» The data
╭──

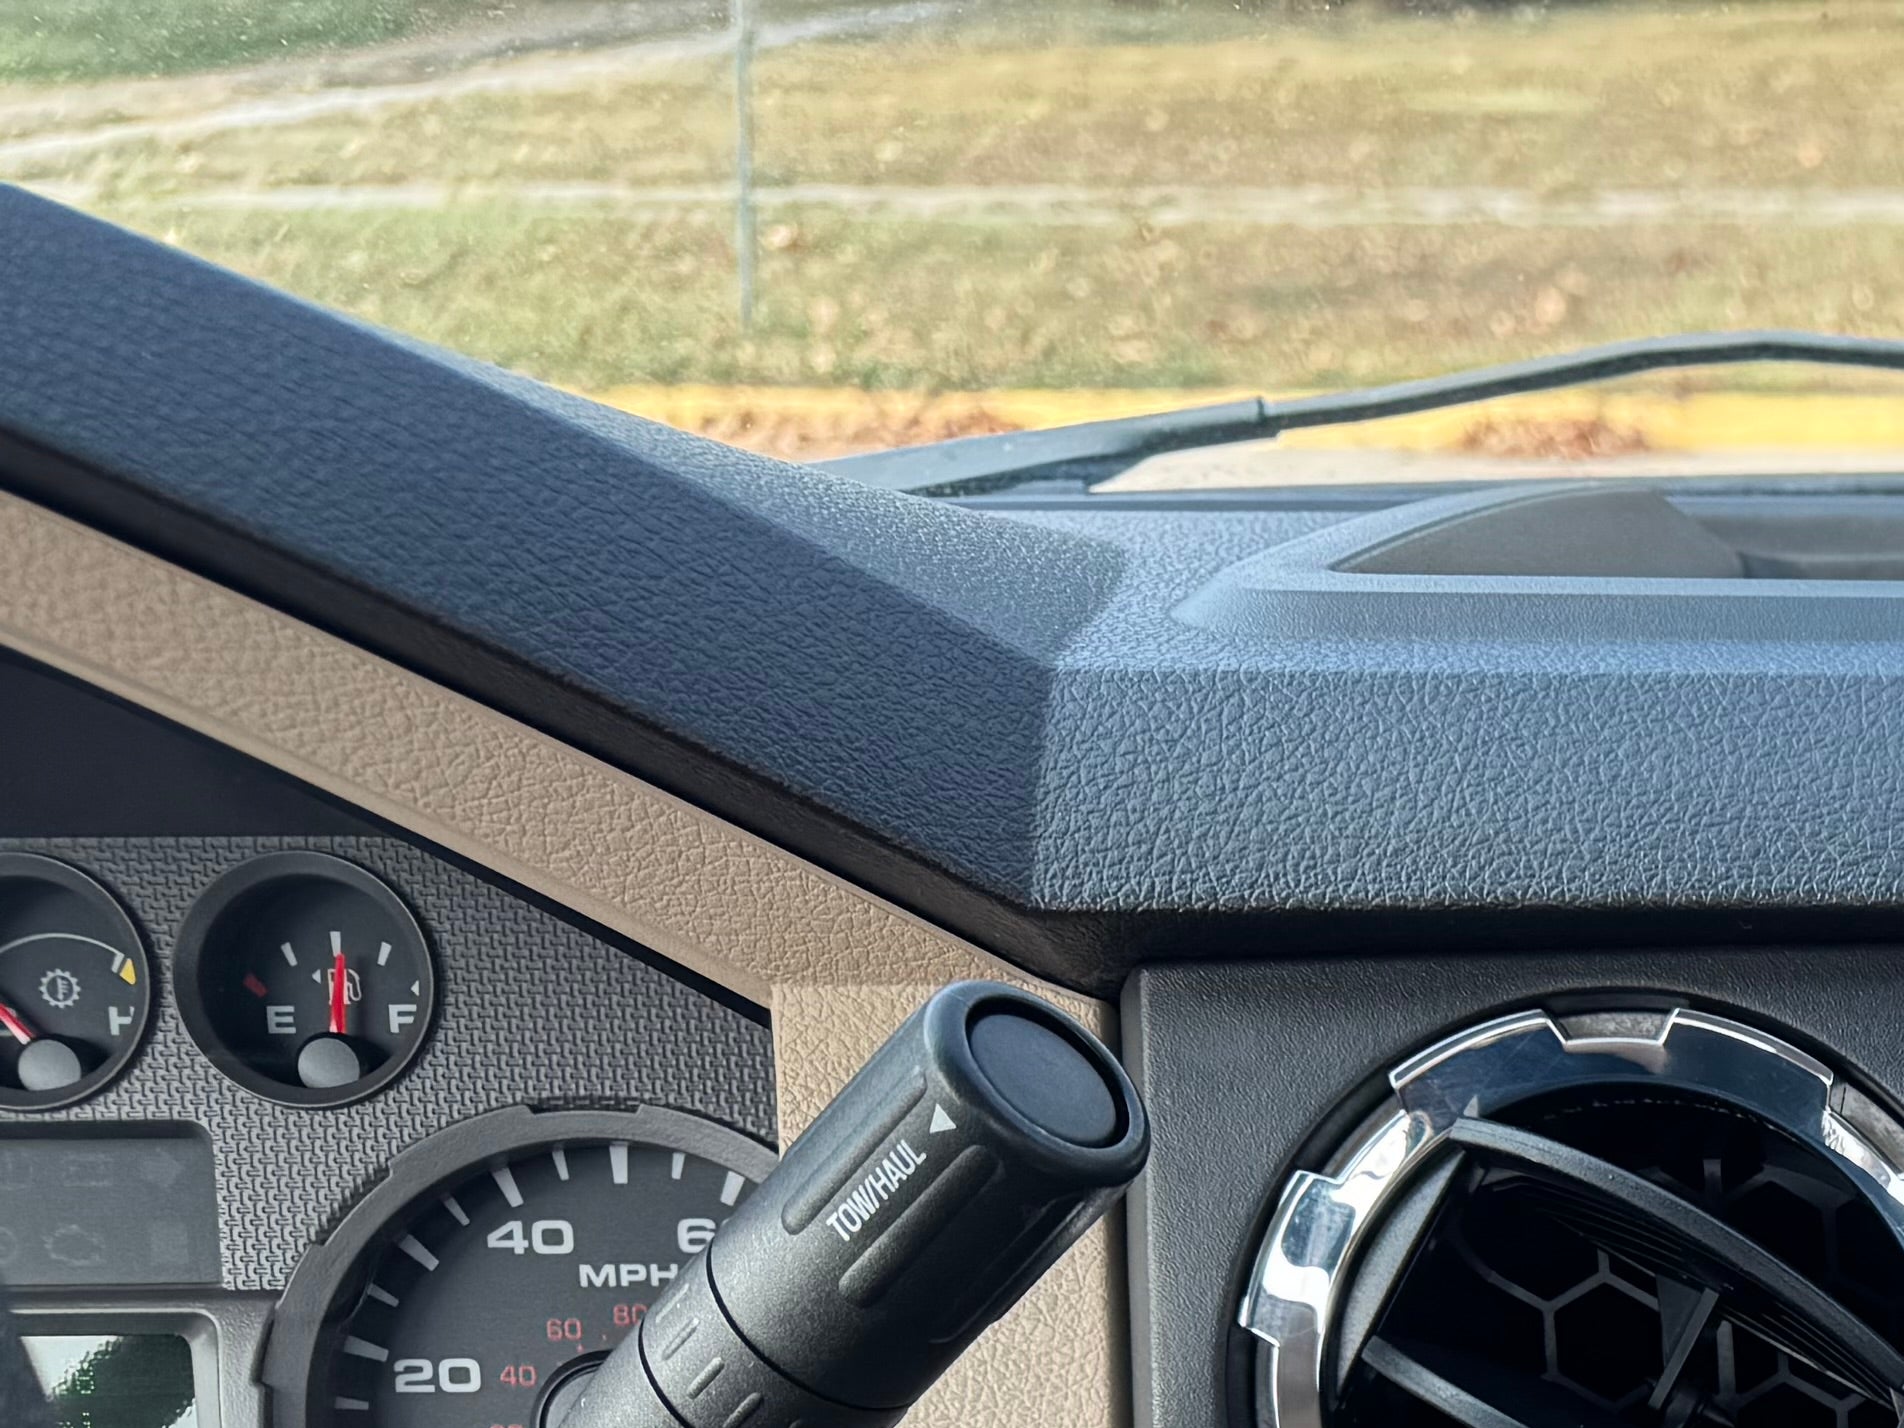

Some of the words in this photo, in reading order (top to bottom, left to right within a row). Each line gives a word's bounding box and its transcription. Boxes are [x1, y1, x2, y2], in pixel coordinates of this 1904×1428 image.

[266, 1005, 296, 1034] E
[389, 1004, 417, 1033] F
[826, 1140, 927, 1242] TOW/HAUL
[487, 1220, 574, 1254] 40
[578, 1263, 679, 1288] MPH
[546, 1317, 583, 1342] 60
[393, 1358, 482, 1393] 20
[500, 1366, 536, 1386] 40
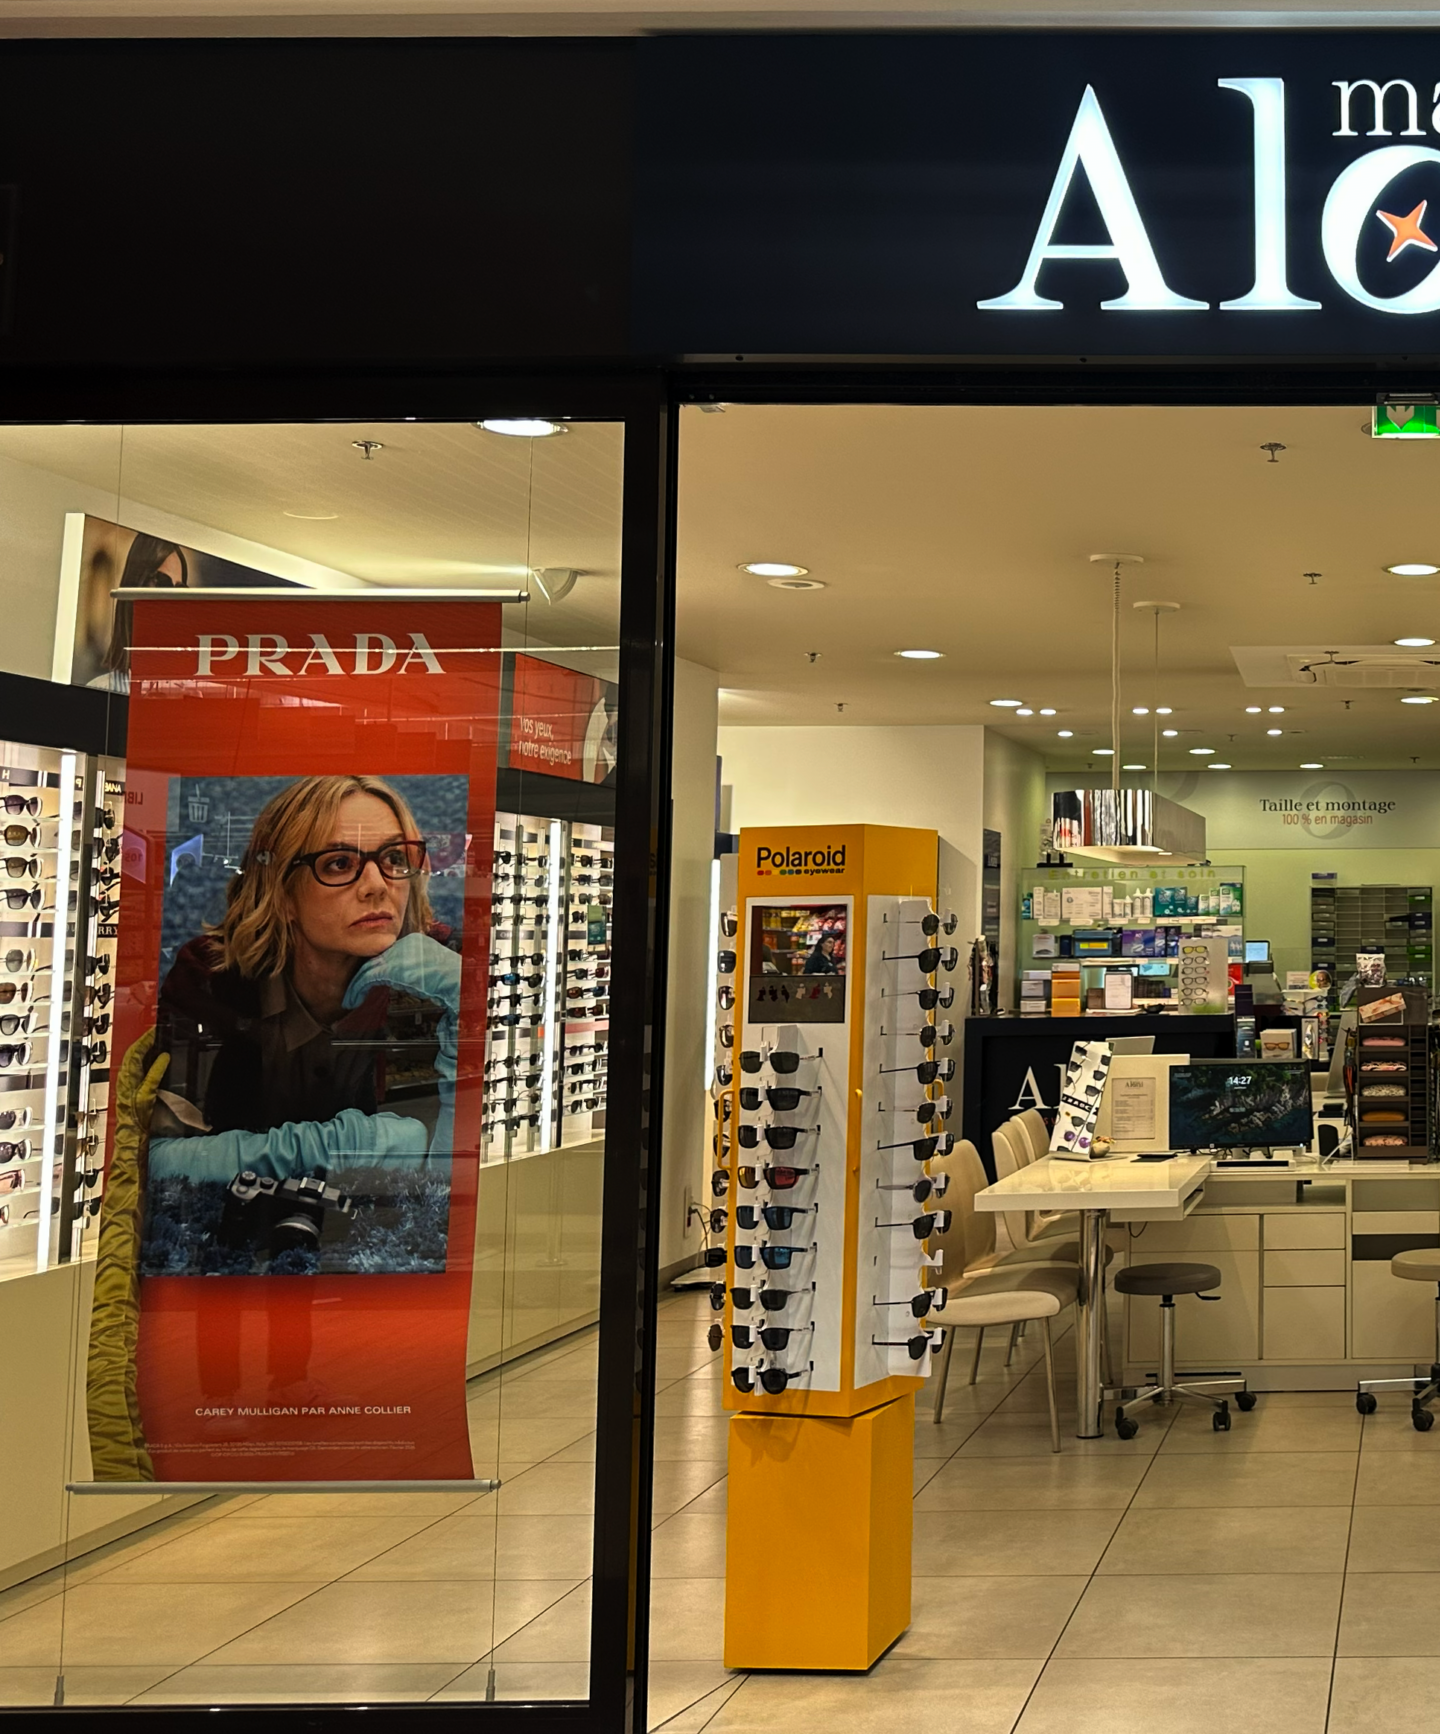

╰──

» Assignment
The records must appear again word for word, though none of their pictures should.

» Written reply
Some of the words in this photo, in reading order (top to bottom, left to right within a row). Each line gives a word's bounding box and its transcription. Boxes are [x1, y1, x2, y2], in pixel coordinates of this 1904×1428 image.

[266, 1005, 296, 1034] E
[389, 1004, 417, 1033] F
[826, 1140, 927, 1242] TOW/HAUL
[487, 1220, 574, 1254] 40
[578, 1263, 679, 1288] MPH
[546, 1317, 583, 1342] 60
[393, 1358, 482, 1393] 20
[500, 1366, 536, 1386] 40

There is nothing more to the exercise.